Making Processes Nice


Making Processes "Nice"

The kill command is one of the process-management tools that you can use both from the command line and within top. You read earlier of another tool, though, that you can use to alter a process's scheduling priority. This tool is the renice command, which alters the priority (or "nice" level) of any currently running process.

The scheduling priority is an integer value between -20 and 20, with -20 being the highest possible priority (confusingly enough). Take a look at top; the values in the NICE column are the priorities of each process. Notice that most processes have a priority of 0. Zero priority is the default because, in most circumstances, you don't need to specify any particular priority. Still, certain services run at predefined "nice" levels to ensure they will run at a certain time or get out of the way of more important processes.

If you're not root, you can set a process to a lower priority (a higher "nice" value), but not to a higher one (a lower "nice" value).

From the command line, you can alter a process's priority to 10 using renice:

# renice 10 1442


Within top, you can press R to get the renice prompt.

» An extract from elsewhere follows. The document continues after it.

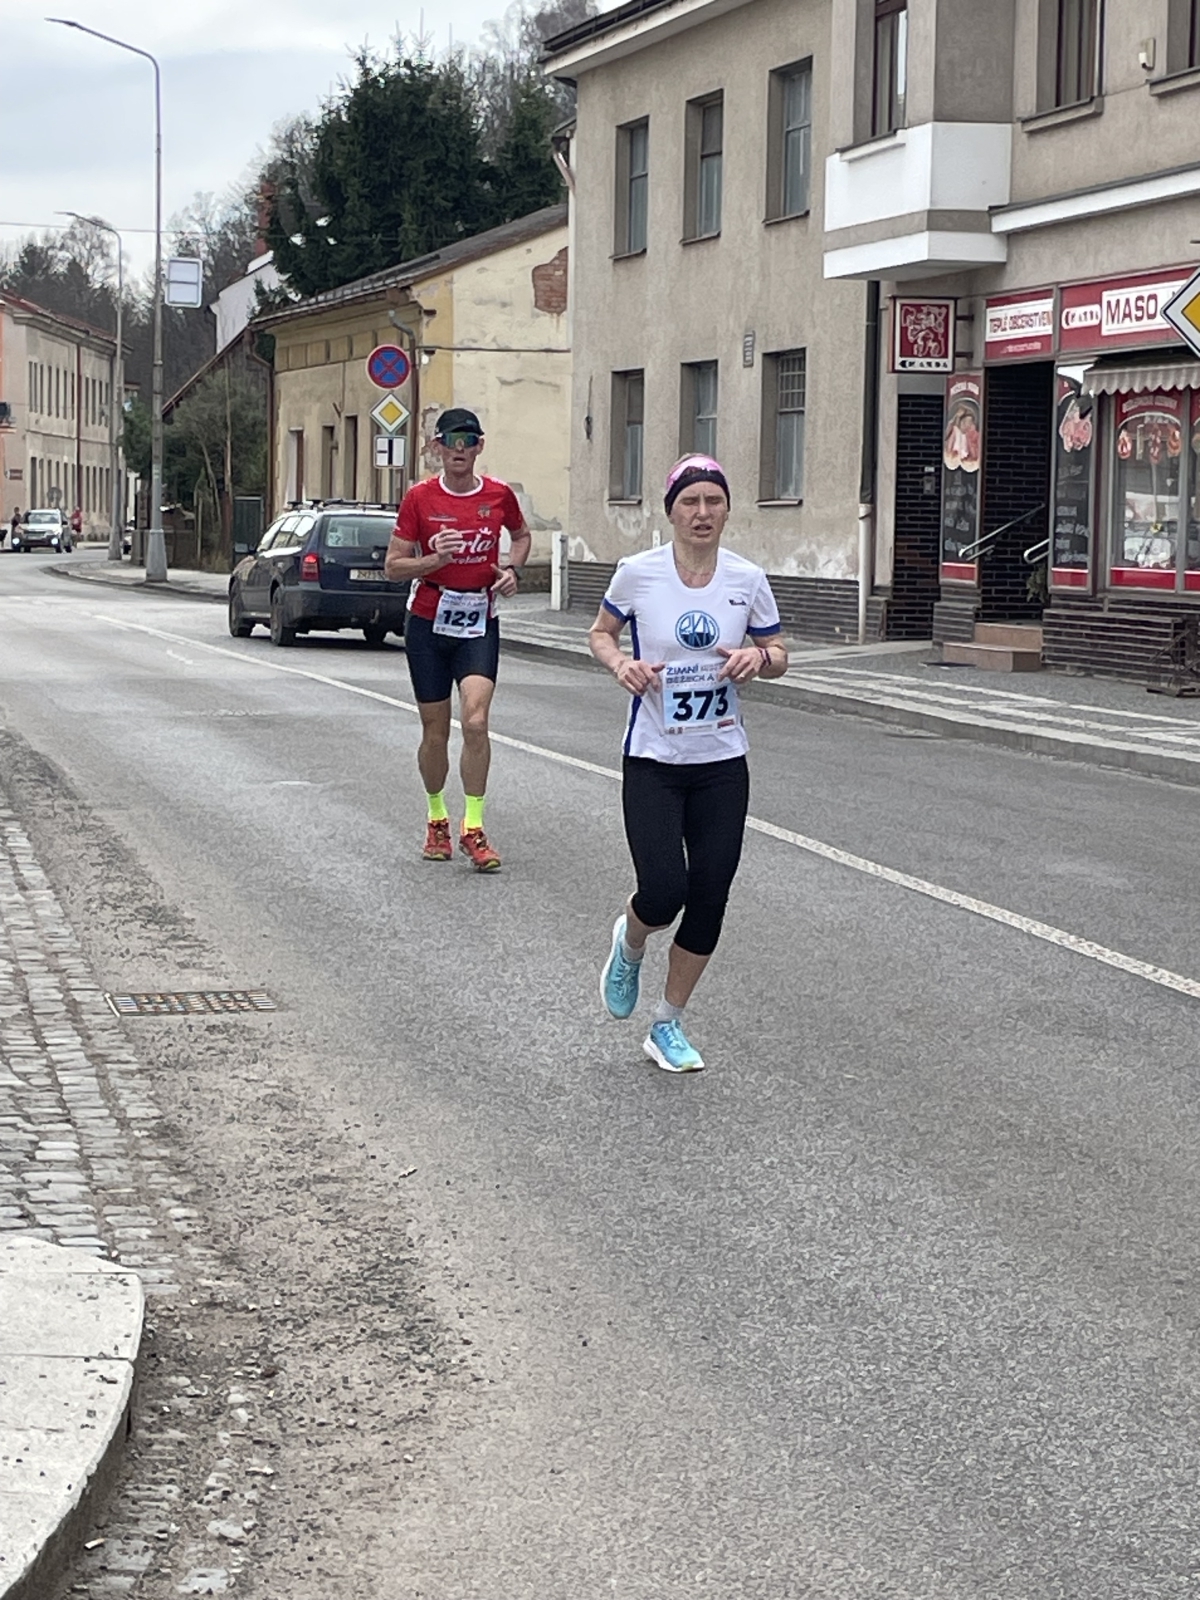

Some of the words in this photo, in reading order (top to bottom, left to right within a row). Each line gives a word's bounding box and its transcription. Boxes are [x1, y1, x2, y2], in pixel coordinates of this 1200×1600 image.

Enter a priority level between -20 and 20, followed by the PID of the process you want to change, and you can see the results in the NICE column. This is an easy, interactive, alternate solution to the problem caused by the testprog problem you saw earlier. Rather than killing the runaway process outright, you could simply set its priority to 20, which would theoretically make it back off and allow other processes to run uncontested.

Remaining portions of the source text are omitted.